Single by Jennifer Lopez
- Language: Spanish
- English title: "Dance with Me"
- Released: October 10, 2019
- Genre: Dance; EDM;
- Length: 2:43
- Label: Nuyorican; Sony Latin;
- Songwriter(s): Jennifer Lopez; Kelly Paola Ruiz Moncada; Servando Primera; Víctor Alonso Cárdenas Ospina; David Sanchez Gonzalez;
- Producer(s): David Sanchez aka Dayvi; Luis Barrera Jr.; Servando Primera; Víctor Cárdenas;

Jennifer Lopez singles chronology
| "Medicine" (2019) | "Baila Conmigo" (2019) | "Pa' Ti + Lonely" (2020) |

Audio video
- "Baila Conmigo" on YouTube

= Baila Conmigo (Jennifer Lopez song) =

"Baila Conmigo" is a song recorded by American singer Jennifer Lopez. It was written by Lopez, Kelly Paola Ruiz Moncada, Servando Primera, Víctor Alonso Cárdenas Ospina and David Sanchez Gonzalez. The song was inspired by the track by the same name by Colombian producers Dayvi y Víctor Cárdenas, which was a viral phenomenon in Latin America. The song marks the singer's first Spanish-language single since 2018's Bad Bunny-assisted "Te Guste", and is a high-energy dance number with heavy Latin influences.

== Composition and lyrics ==
Produced by Servando Primera, David Sánchez, Victor Cárdenas and Luis Barrera, "Baila Conmigo" is a Spanish-language dance and EDM track with lyrics are about wanting to spend a special night at the beach dancing until the sunrise. According to a rough translation, the song begins with Lopez asking her lover to "imagine me and you on the beach" with "the sand, the ocean, the sound of the waves" setting the scene for a romantic union. She goes on to fantasize about “traveling all over your body", begging her partner to "kiss me, touch me, and dance with me" before they "touch heaven" with their hands and glue their mouths together. She also sings: "Dale que dale mas duro que la música rompe los muros que solo bailando me curo/ Baila Conmigo" (Do it hard because music breaks barriers and only dancing I heal/ Dance with me).

==Chart performance==
"Baila Conmigo" debuted at number 16 on Billboards Hot Dance/Electronic Songs chart, collecting 724,000 domestic streams while selling just over 1,000. The track also opened on the Latin Digital Song Sales (No. 3), Dance/Electronic Digital Song Sales (No. 5) and the Latin Pop Songs airplay charts (No. 36).

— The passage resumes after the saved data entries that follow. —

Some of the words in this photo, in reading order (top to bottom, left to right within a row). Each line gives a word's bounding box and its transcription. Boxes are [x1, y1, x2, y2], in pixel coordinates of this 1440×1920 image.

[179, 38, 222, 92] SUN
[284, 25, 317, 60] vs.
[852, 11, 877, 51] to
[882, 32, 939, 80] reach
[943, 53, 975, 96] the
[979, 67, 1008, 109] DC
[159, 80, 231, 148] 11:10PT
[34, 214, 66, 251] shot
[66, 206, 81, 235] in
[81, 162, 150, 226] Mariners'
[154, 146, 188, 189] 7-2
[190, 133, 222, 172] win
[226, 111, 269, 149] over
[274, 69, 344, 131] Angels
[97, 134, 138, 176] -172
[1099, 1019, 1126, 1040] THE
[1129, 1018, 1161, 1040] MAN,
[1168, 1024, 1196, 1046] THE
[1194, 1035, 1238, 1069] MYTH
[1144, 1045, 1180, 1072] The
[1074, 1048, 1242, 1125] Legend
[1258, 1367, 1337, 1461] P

On February 21, 2020, the song topped the Billboard Dance Charts, becoming Lopez’ 18th number one single on the chart.

==Live performance==
Lopez first performed "Baila Conmigo" during her set at the iHeartRadio Fiesta Latina on November 2, 2019.

==Critical reception==
Elias Leight of Rolling Stone reviewed the song as "a brassy, hard-driving club record." He added that Lopez "sings stern, rapid-fire lines over the track’s martial horns." Mike Nied of Idolator said that "the track is a high-energy floor-filler." Joey Nolfi of EW Entertainment also called the song a "fiery Spanish song."

==Credits and personnel==
Credits adapted from Tidal.

- Jennifer Lopez – songwriter, vocals
- Kelly Paola Ruiz Moncada – songwriter
- Servando Primera – songwriter, producer
- Víctor Cárdenas – songwriter, producer
- David Sanchez aka Dayvi – songwriter, producer
- Luis Barrera Jr. – producer

==Charts==

===Weekly charts===

Weekly chart performance for "Baila Conmigo"
| Chart (2019–2020) | Peak position |
|---|---|
| Honduras Pop (Monitor Latino) | 6 |
| Mexico Espanol Airplay (Billboard) | 28 |
| US Dance Club Songs (Billboard) | 1 |
| US Hot Dance/Electronic Songs (Billboard) | 16 |
| US Latin Airplay (Billboard) | 37 |
| Venezuela (Monitor Latino) | 19 |

===Year-end charts===

2020 year-end chart performance for "Baila Conmigo"
| Chart (2020) | Position |
|---|---|
| Honduras Airplay (Monitor Latino) | 69 |
| US Hot Dance/Electronic Songs (Billboard) | 61 |

==Certifications==

Certifications for "Baila Conmigo"
| Region | Certification | Certified units/sales |
| United States (RIAA) | Platinum (Latin) | 60,000^{‡} |
^{‡} Sales+streaming figures based on certification alone.